Estou me cuidando, estou fazendo reposição de ferro e B12, e espero que dentro de pouco mais de 1 mês esteja melhor.
Último trimestre da faculdade com matérias difíceis e aliado a minha dificuldade de compreensão devido a anemia, está bem complicado de estudar. Estou seguindo na cara e na coragem, me forçando a não desistir agora que falta tão pouco.
Na última sexta-feira, dia 22/11 eu finalmente assinei o meu divórcio. Não foi um dia fácil. E não foi pela pessoa da qual me divorciei, foi pelo fato de mudar meu estado civil. Sempre quis casar, era um dos sonhos que eu mais queria realizar e quando casei, tinha certeza de que era pra sempre. Porém, a vida não é como a gente imagina, e inúmeras surpresas estão no nosso caminho. Meu casamento deu errado logo após o 2° ano, e me separei. De imediato pensei logo no divórcio, mas recebi um pedido pra aguardar um pouco, e com isso, o tempo foi passando e como não mudava nada na minha vida, fui deixando de me preocupar com isso. Chegou então, o momento em que eu precisava tomar essa decisão. Não poderia me manter 'casada', ou seria obrigada à dividir meu patrimônio, e eu trabalhei muito pra conquistar cada centavo acumulado. Era a hora de desvincular meu nome do da pessoa que me prometeu infinitas coisas boas e que quando deixou a máscara cair, revelou sua verdadeira face, deixando só tristeza e decepção.

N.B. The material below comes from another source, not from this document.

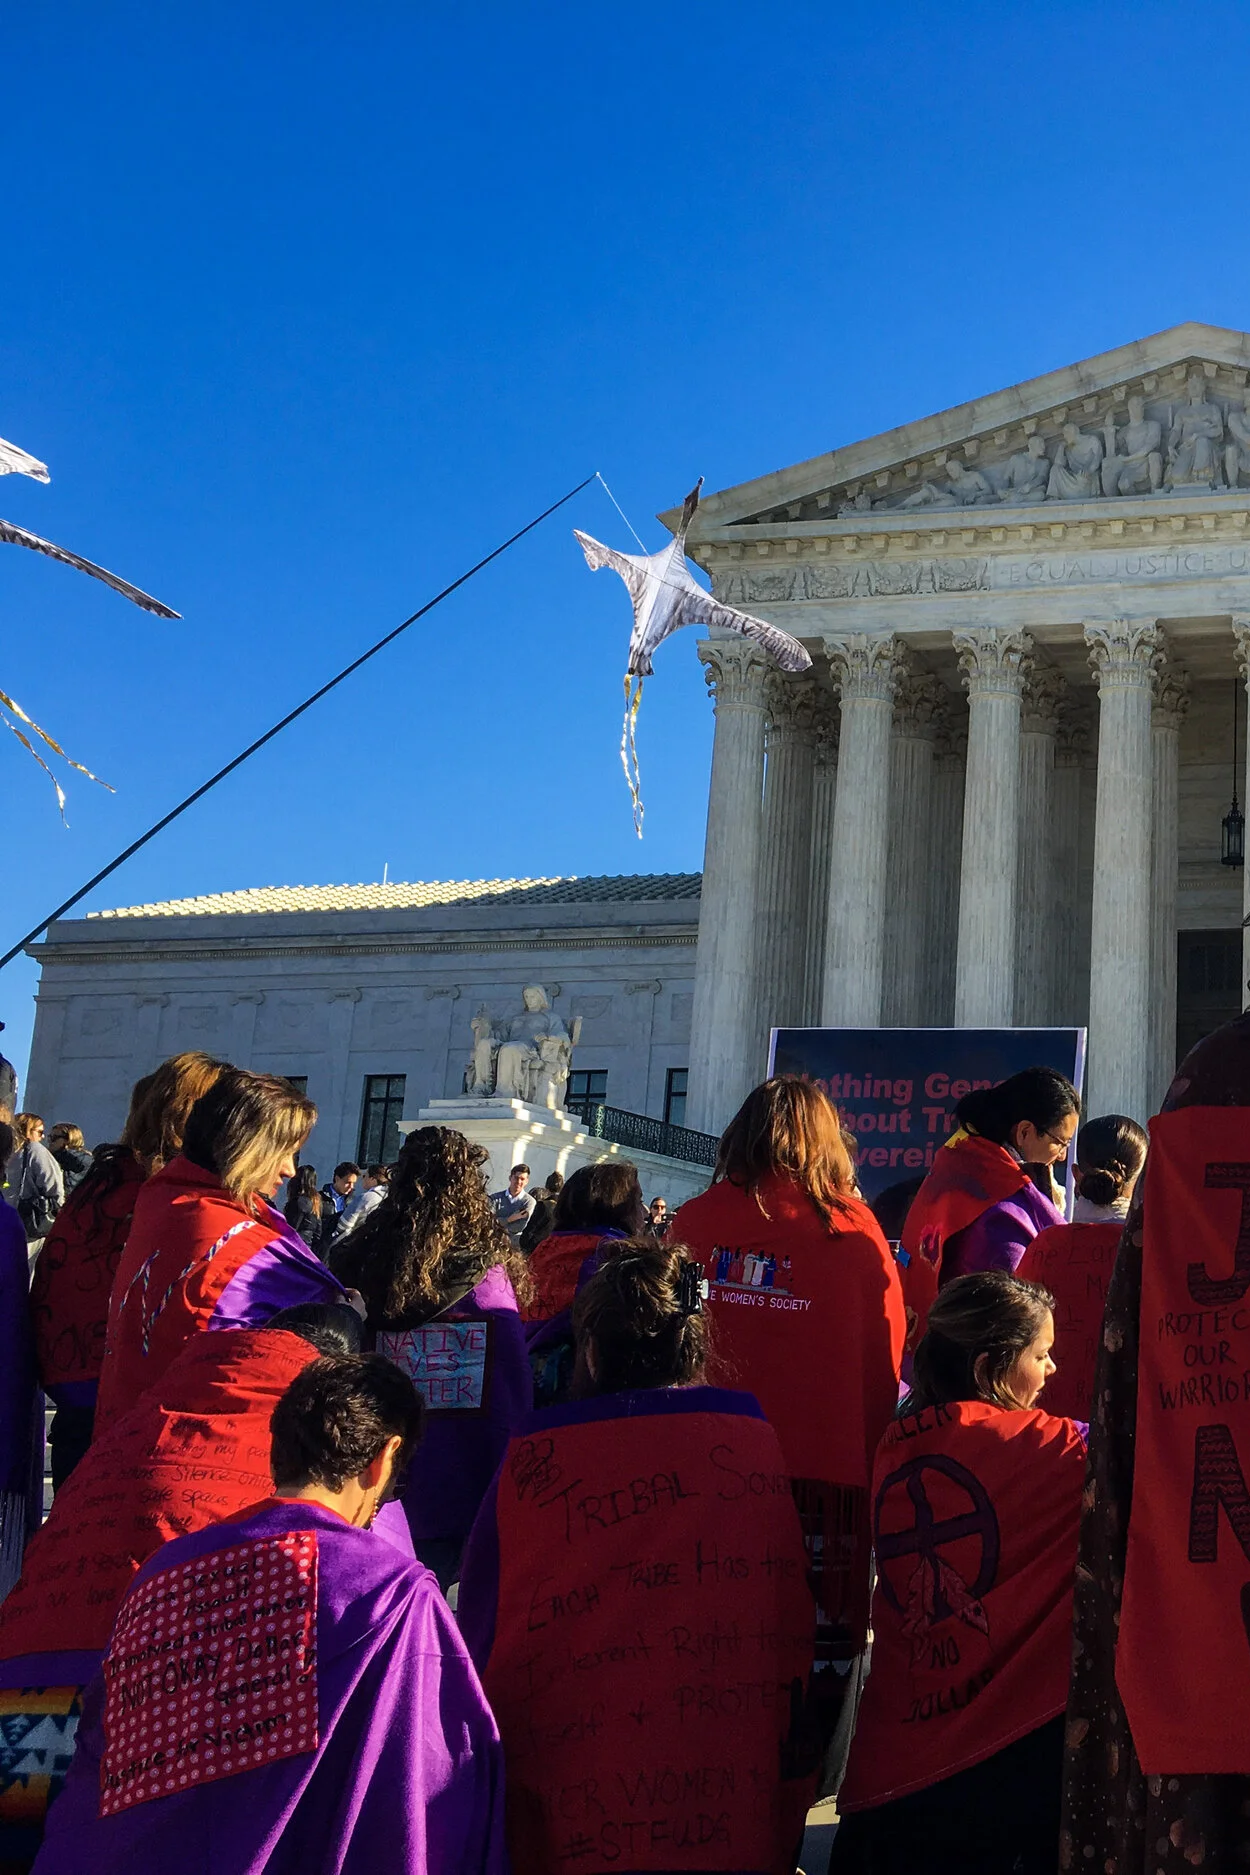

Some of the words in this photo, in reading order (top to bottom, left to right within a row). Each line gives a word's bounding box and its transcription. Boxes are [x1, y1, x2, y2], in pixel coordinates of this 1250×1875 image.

Sempre achei a palavra divorciada feia, pesada e sentia horror só de pensar em usá-la em referência própria. Só que é a minha história. Sim, agora sou divorciada. Fiquei entristecida pelo meu sonho desfeito, não por ter me desvinculado da pessoa que era o meu par. Não sei se as pessoas são capazes de compreender como eu me senti.
Passados 2 dias, fui fazer a tal prova do Enade. Exame obrigatório pro meu curso, para o qual não estudei absolutamente nada. Anemia prejudicando a minha leitura e compreensão, cansaço... Fiz a prova como deu, com o que eu lembrava das aulas, não saí de lá confiante, com a certeza de que acertei tudo, mas também acredito que não tive um péssimo desempenho.

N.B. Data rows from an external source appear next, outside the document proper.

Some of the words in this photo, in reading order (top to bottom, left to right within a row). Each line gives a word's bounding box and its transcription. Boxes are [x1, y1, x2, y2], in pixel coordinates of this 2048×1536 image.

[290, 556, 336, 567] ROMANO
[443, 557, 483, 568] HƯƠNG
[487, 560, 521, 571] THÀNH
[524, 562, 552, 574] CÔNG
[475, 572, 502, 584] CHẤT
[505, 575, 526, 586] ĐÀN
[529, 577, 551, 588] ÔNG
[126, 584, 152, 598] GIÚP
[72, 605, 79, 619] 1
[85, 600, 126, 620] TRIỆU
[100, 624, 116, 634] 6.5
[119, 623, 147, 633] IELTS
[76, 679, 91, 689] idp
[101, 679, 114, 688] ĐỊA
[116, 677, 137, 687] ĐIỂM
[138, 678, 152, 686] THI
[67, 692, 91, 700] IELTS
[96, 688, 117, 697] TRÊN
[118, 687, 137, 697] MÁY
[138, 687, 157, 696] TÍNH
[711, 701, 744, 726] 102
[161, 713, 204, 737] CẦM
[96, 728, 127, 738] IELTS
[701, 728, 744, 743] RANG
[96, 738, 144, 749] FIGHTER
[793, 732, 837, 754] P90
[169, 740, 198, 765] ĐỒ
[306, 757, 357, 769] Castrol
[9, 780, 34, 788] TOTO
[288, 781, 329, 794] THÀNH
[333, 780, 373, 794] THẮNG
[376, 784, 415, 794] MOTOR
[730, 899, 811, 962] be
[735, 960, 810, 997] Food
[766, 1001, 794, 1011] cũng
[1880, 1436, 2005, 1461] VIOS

Cheguei em casa me sentindo bem, com a sensação de dever cumprido. Me joguei na cama pra assistir tv e descansar. Parei pra assistir um filme que amo "como eu era antes de você". É um filme de amor, triste. Mas, que faz ver que nem tudo é pra sempre. Sempre que chega no fim do filme eu choro e hoje não foi diferente. Senti uma dor no peito, uma tristeza. Vi que aos poucos estou alcançando meus objetivos, mas aquele sonho de ter uma família "normal", unida, parece ser algo inatingível. Quando essa ficha cai, as lágrimas rolam e meu peito dói. Me lembro de que as palavras têm poder e uma frase que ouvi diversas vezes há anos volta a minha mente como uma pancada "você nunca vai ter ninguém, seu destino é ser sozinha e igual à sua mãe e sua avó ".
Me sinto ingrata, comigo e com a vida, ao não enxergar as coisas boas que conquistei com a mesma intensidade em que foco no que não tenho mais. Todavia, é o que eu sinto. Eu só queria poder mudar tudo e não me sentir tão insatisfeita. Pode ser classificado como egoísmo, mas eu só queria alguém pra me dar colo, um abraço, fazer cafuné e dizer que vai ficar tudo bem.